* Stored data *
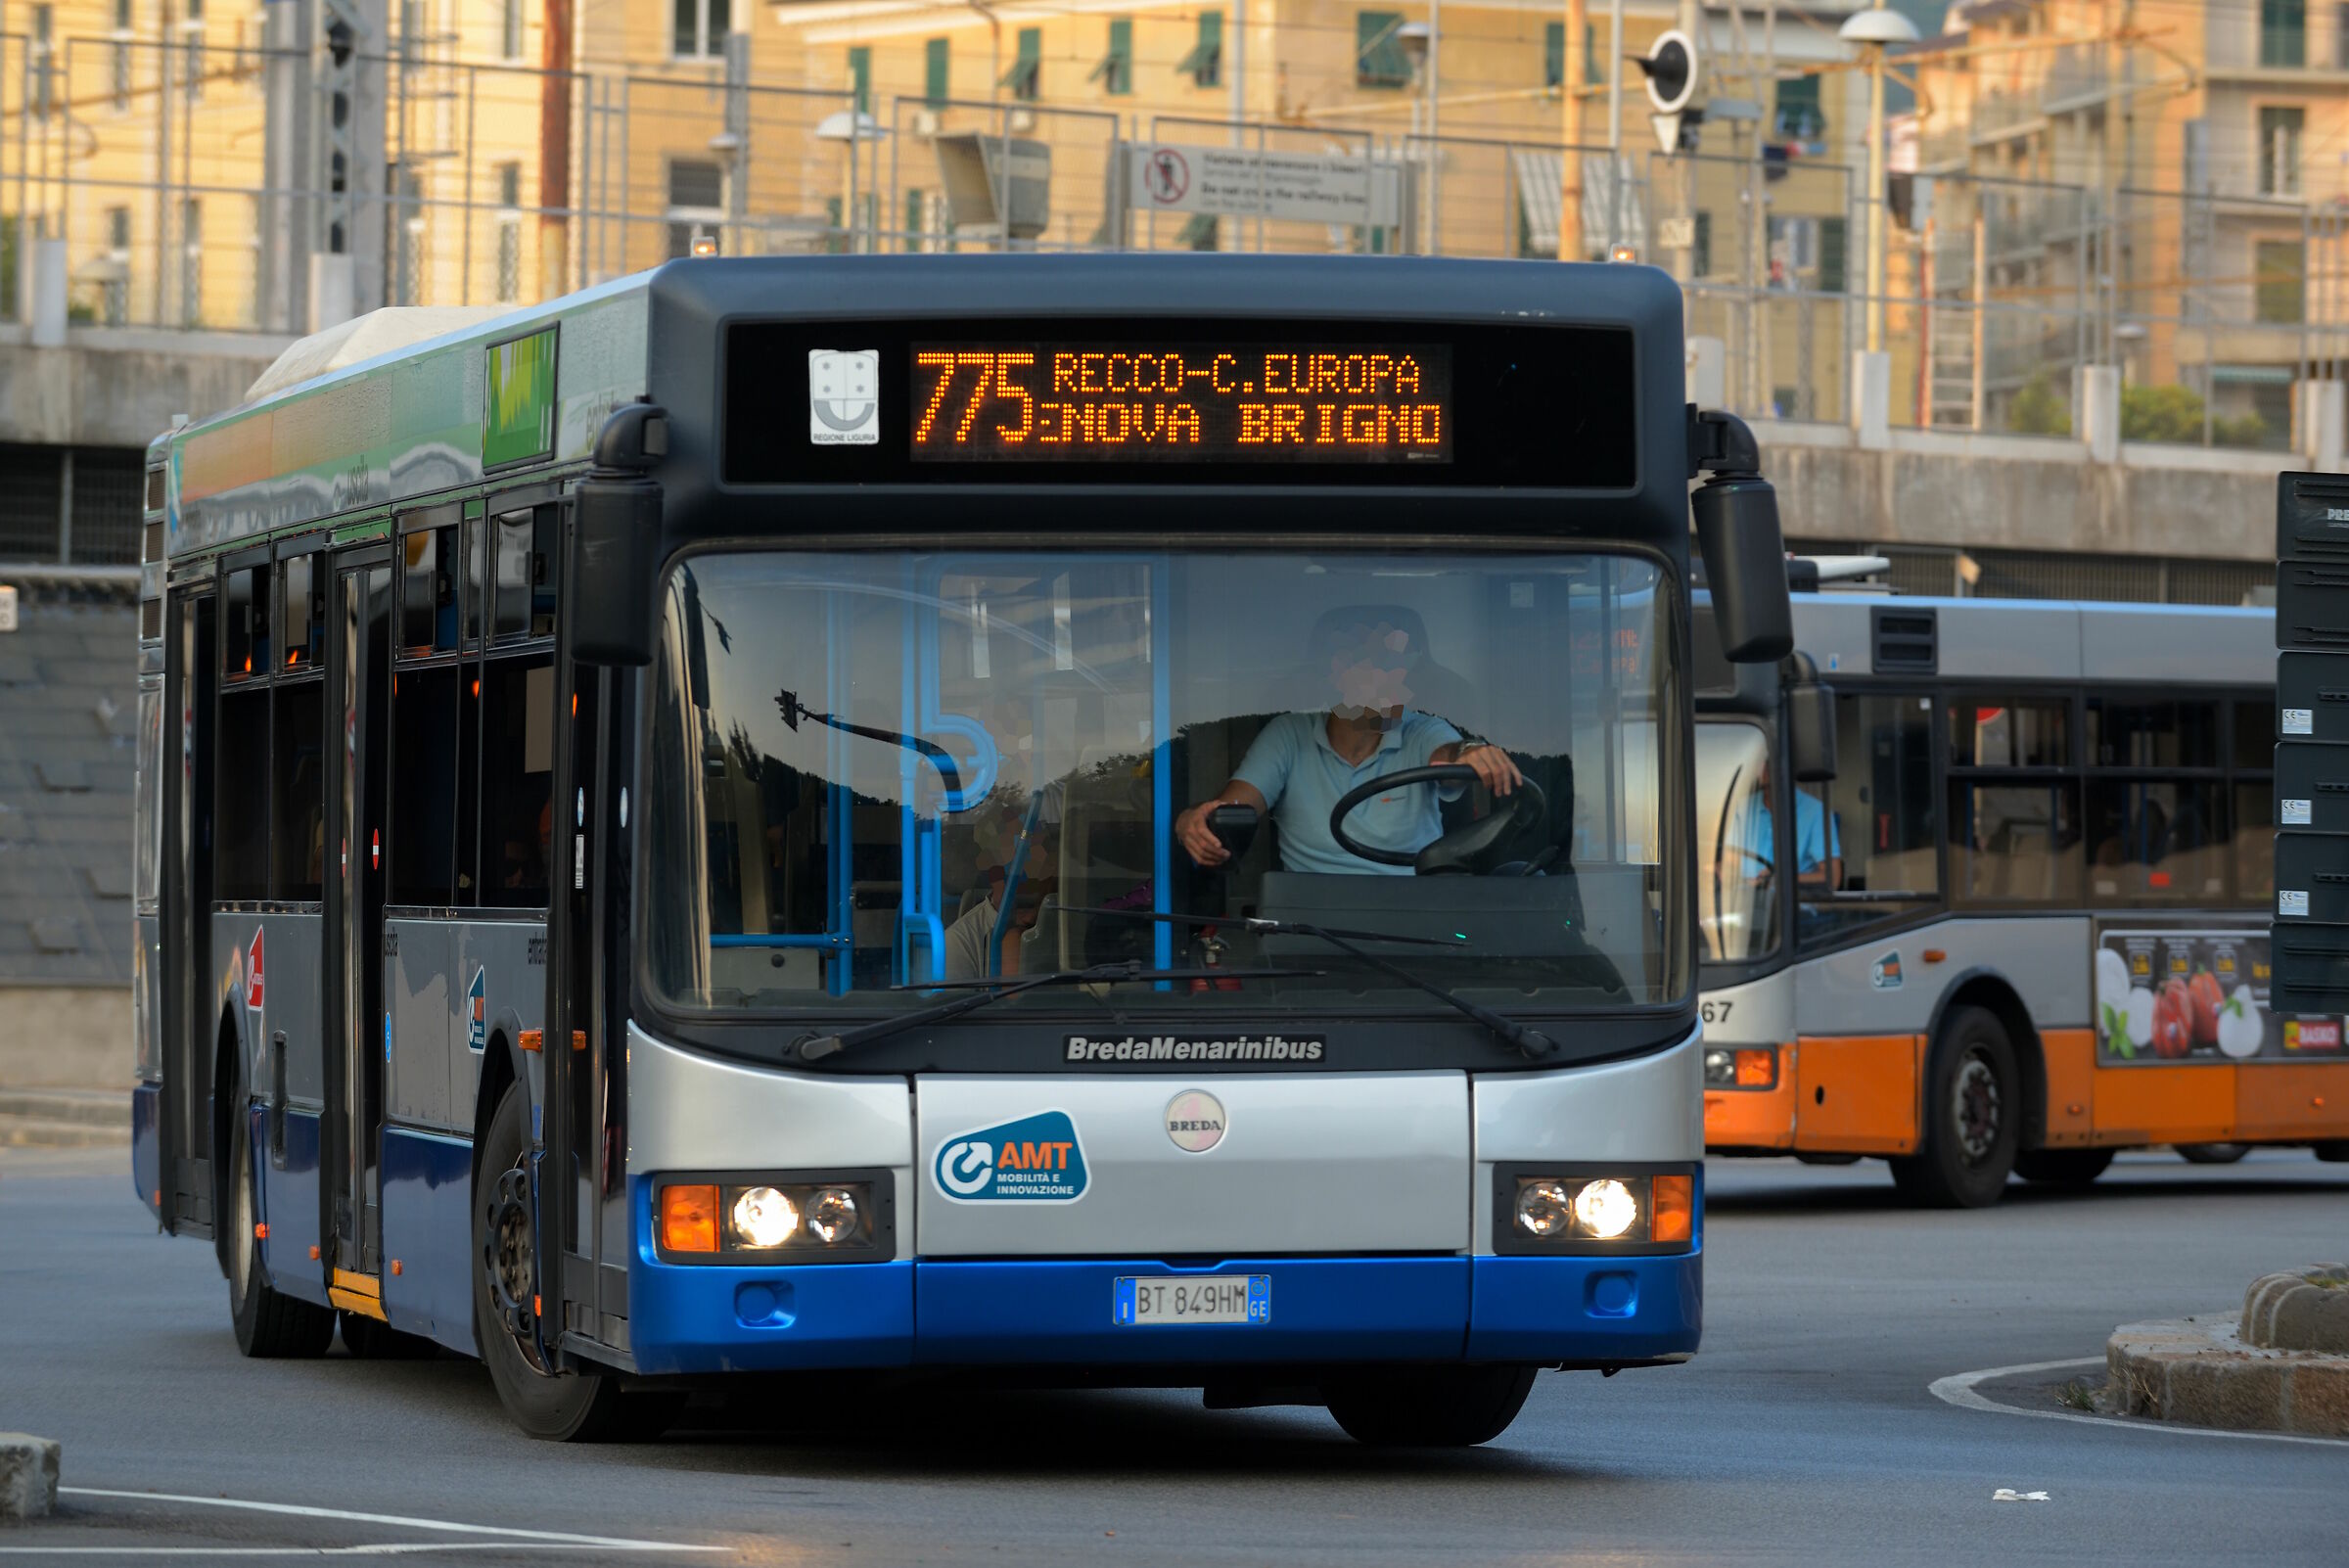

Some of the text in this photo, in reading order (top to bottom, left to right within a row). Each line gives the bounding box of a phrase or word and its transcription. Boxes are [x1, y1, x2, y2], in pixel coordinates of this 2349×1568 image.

[1053, 352, 1420, 394] RECCO-C.EUROPA
[916, 352, 1035, 442] 775
[813, 433, 876, 442] REGIONE LIGURIA
[1067, 1037, 1323, 1061] BredaMenarinibus
[1169, 1120, 1222, 1132] BREDA
[997, 1141, 1073, 1170] AMT
[996, 1172, 1060, 1182] MOBILITÀ E
[996, 1185, 1075, 1195] INNOVAZIONE
[1137, 1285, 1247, 1314] BT 849HM
[1249, 1301, 1267, 1317] GE

* Problem *
Reproduce the listing verbatim, and keep the pictures out of the copy.

* Result for this exercise *
Some of the text in this photo, in reading order (top to bottom, left to right within a row). Each line gives the bounding box of a phrase or word and its transcription. Boxes are [x1, y1, x2, y2], in pixel coordinates of this 2349×1568 image.

[1053, 352, 1420, 394] RECCO-C.EUROPA
[916, 352, 1035, 442] 775
[813, 433, 876, 442] REGIONE LIGURIA
[1067, 1037, 1323, 1061] BredaMenarinibus
[1169, 1120, 1222, 1132] BREDA
[997, 1141, 1073, 1170] AMT
[996, 1172, 1060, 1182] MOBILITÀ E
[996, 1185, 1075, 1195] INNOVAZIONE
[1137, 1285, 1247, 1314] BT 849HM
[1249, 1301, 1267, 1317] GE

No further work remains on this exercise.